While these recent findings may spark some concern regarding the interpretability of sequence-based genetic tests, we believe that there is ample room for hope. Improvements in genetic test interpretation are coming from data sharing, international collaborations to create gene–disease specific guidelines, and insights into pathogenic and benign variation gained from big data. Our understanding of the genome and its variation has improved immensely in recent years and that understanding can be harnessed to improve interpretation of clinical genetic tests.
Both the ACMG–AMP guidelines and the articles by Amendola et al. point out the need for gene and, in some cases, gene–disease specific guidance on elements like allele frequency thresholds for assessing rarity, clinical validity of functional assays, and the role of loss of function variants [4, 5]. Through the ClinGen project, groups comprising international experts on specific diseases are developing just this sort of guidance [3]. For example, the first initiative tackled by ClinGen’s Cardiovascular Domain Working Group has been modification of the original ACMG–AMP recommendations specifically for classification of MYH7 variants for cardiomyopathy. The majority of the needed modifications were either to remove rules not applicable to MYH7 or to refine rules to make them more specific to this gene–disease pair. Initial testing of these MYH7-cardiomyopathy specific rules shows a high level of concordance [7]. Similar efforts are underway for other disease–gene pairs [4].
Variant interpretation will continue to benefit from increased data sharing, exemplified by projects such as ExAC and databases like ClinVar [2]. Efforts are being made to resolve disagreement among laboratories submitting to ClinVar; in one such effort 15 % of differences could be resolved by sharing internal, unpublished data [8]. While these efforts are both needed and laudable, it is important that we aim not only to agree with one another in our classifications, but also to ensure that our classifications are correct and likely to stand the test of time.

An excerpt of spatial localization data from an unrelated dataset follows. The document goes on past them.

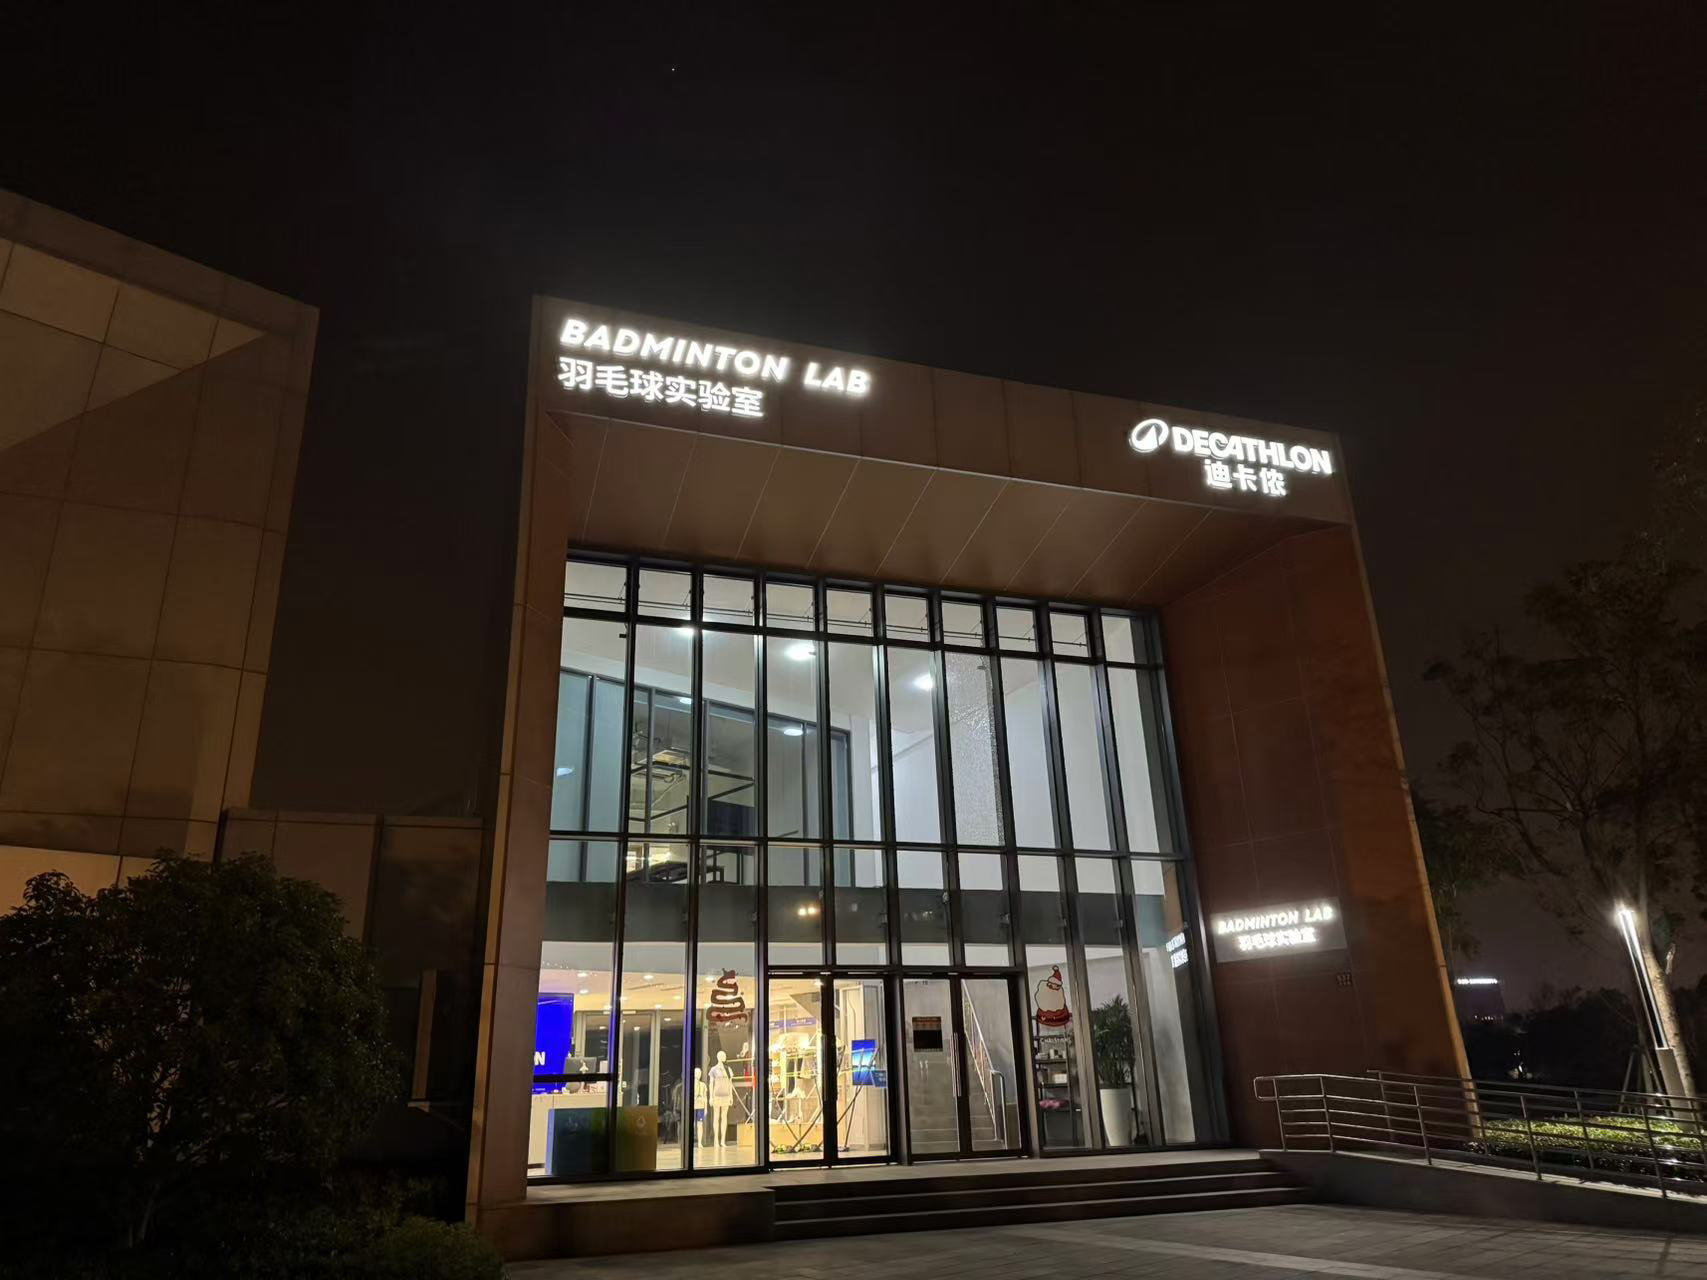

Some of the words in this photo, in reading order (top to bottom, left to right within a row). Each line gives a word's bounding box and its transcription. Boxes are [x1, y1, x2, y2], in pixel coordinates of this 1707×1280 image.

[559, 318, 790, 382] BADMINTON
[803, 361, 871, 395] LAB
[556, 356, 765, 418] 羽毛球实验室
[1171, 426, 1334, 475] DECATHLON
[1203, 458, 1288, 497] 迪卡侬
[1217, 909, 1299, 935] BADMINTON
[1304, 905, 1334, 923] LAB

We recently used sequence data on 2913 individuals with hypertrophic cardiomyopathy from the international Sarcomeric Human Cardiomyopathy Registry (SHaRe) and 103,636 individuals not selected for Mendelian disease to dissect which parts of the three-dimensional structure of the myosin heavy chain molecule are intolerant to variation [9]. The findings can help laboratories and clinicians assess the likelihood of pathogenicity of any MYH7 variant. At the gene level, Walsh et al. recently compared the burden of rare variation in 7855 cardiomyopathy cases and 60,706 ExAC exomes to assess the strength of reported associations between select genes and hereditary cardiomyopathies [10]. Analyses like these are only possible with large-scale international data sharing.
Clinicians also have to be active and critical consumers, carefully reviewing the rationale for the classifications they receive from genetic testing companies. This includes checking ClinVar, reviewing the primary data, and, if possible, making their own assessments of the appropriate classification. We have found this has become common practice among cardiovascular genetics groups like ours, with 81 % of cardiovascular genetic counselors reporting that their clinical team assesses the classification of variants they receive through clinical genetic testing. Periodic re-assessment of classifications is critical as medically impactful classification changes will occur in a subset. Outdated classifications were responsible for nearly a quarter of discordance in ClinVar in one study [8].